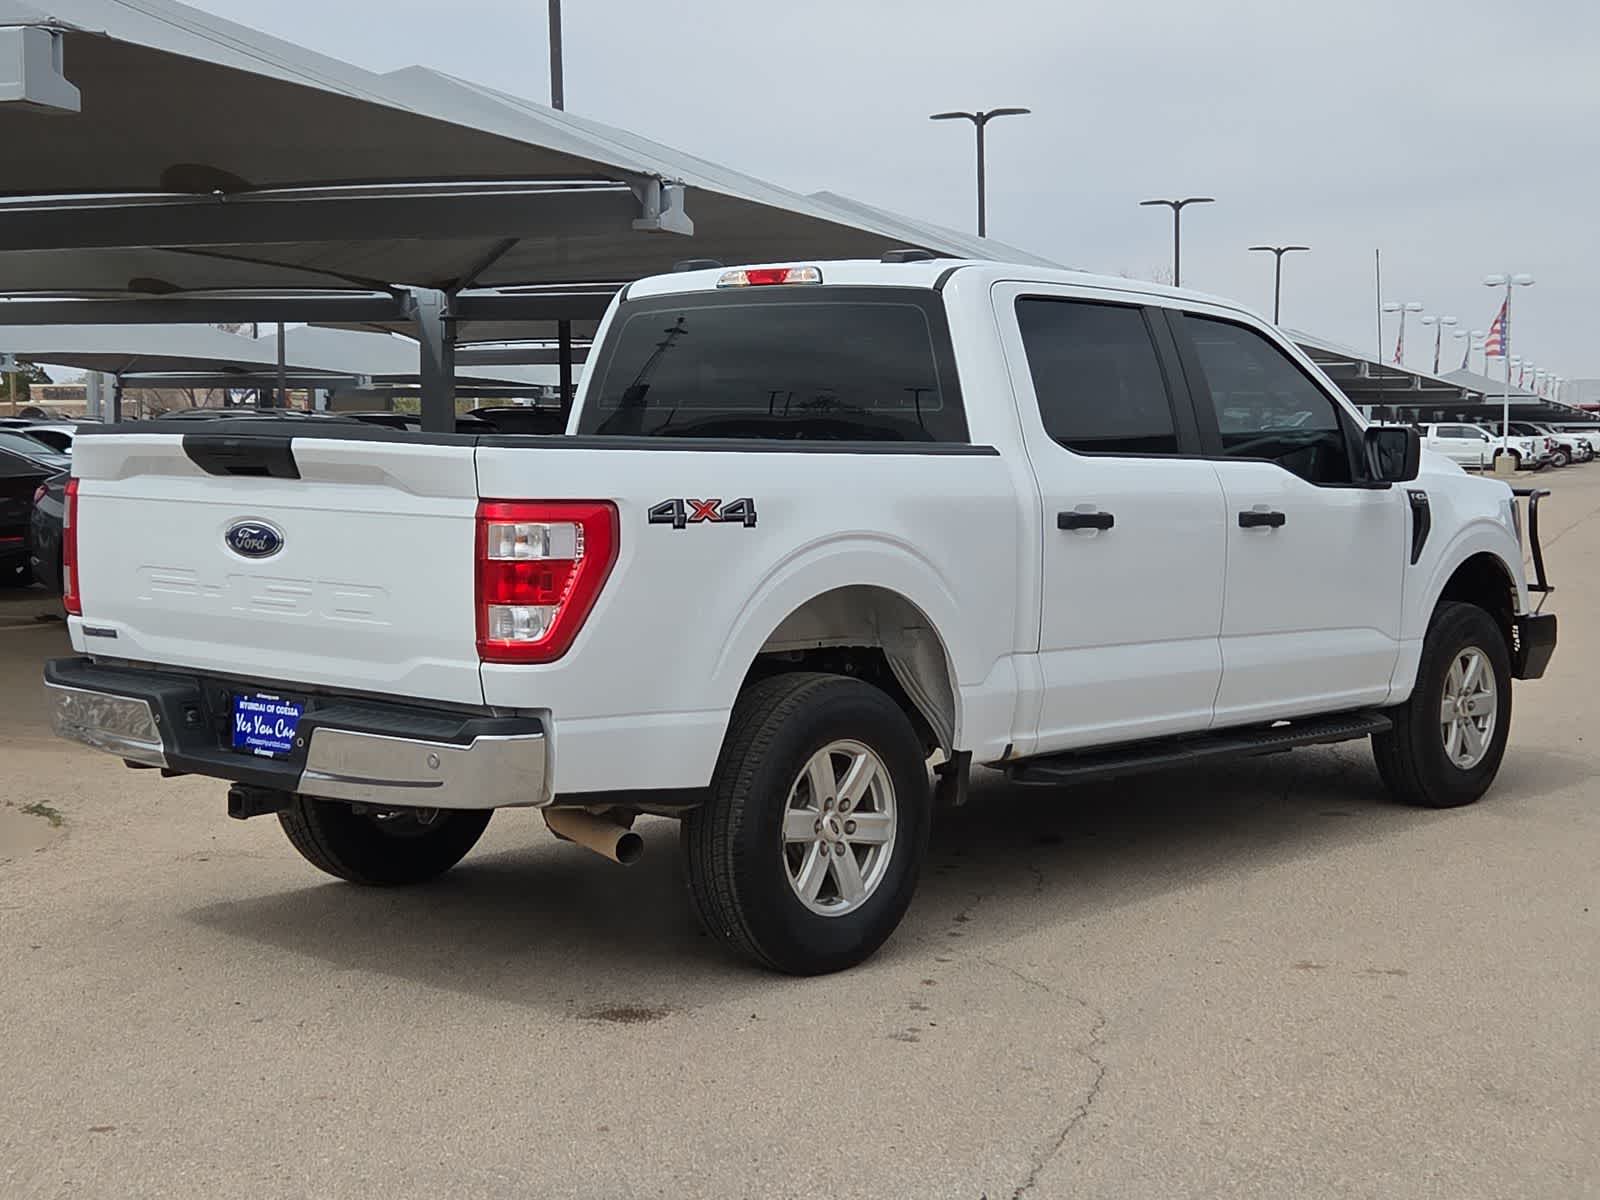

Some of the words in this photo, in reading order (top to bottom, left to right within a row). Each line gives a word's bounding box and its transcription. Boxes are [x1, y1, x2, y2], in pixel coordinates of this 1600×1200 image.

[234, 526, 268, 551] Ford
[240, 701, 265, 712] HYUNDAI
[266, 704, 275, 713] OF
[276, 706, 298, 716] ODESSA
[236, 713, 252, 734] Yes
[254, 715, 273, 735] You
[275, 719, 296, 739] Can
________________________________________
What the exercise asks =>
The expected answer is the listing above, duplicated exactly, with its pictures removed.

Answer =>
Some of the words in this photo, in reading order (top to bottom, left to right within a row). Each line gives a word's bounding box and its transcription. Boxes are [x1, y1, x2, y2], in pixel coordinates of this 1600×1200 image.

[234, 526, 268, 551] Ford
[240, 701, 265, 712] HYUNDAI
[266, 704, 275, 713] OF
[276, 706, 298, 716] ODESSA
[236, 713, 252, 734] Yes
[254, 715, 273, 735] You
[275, 719, 296, 739] Can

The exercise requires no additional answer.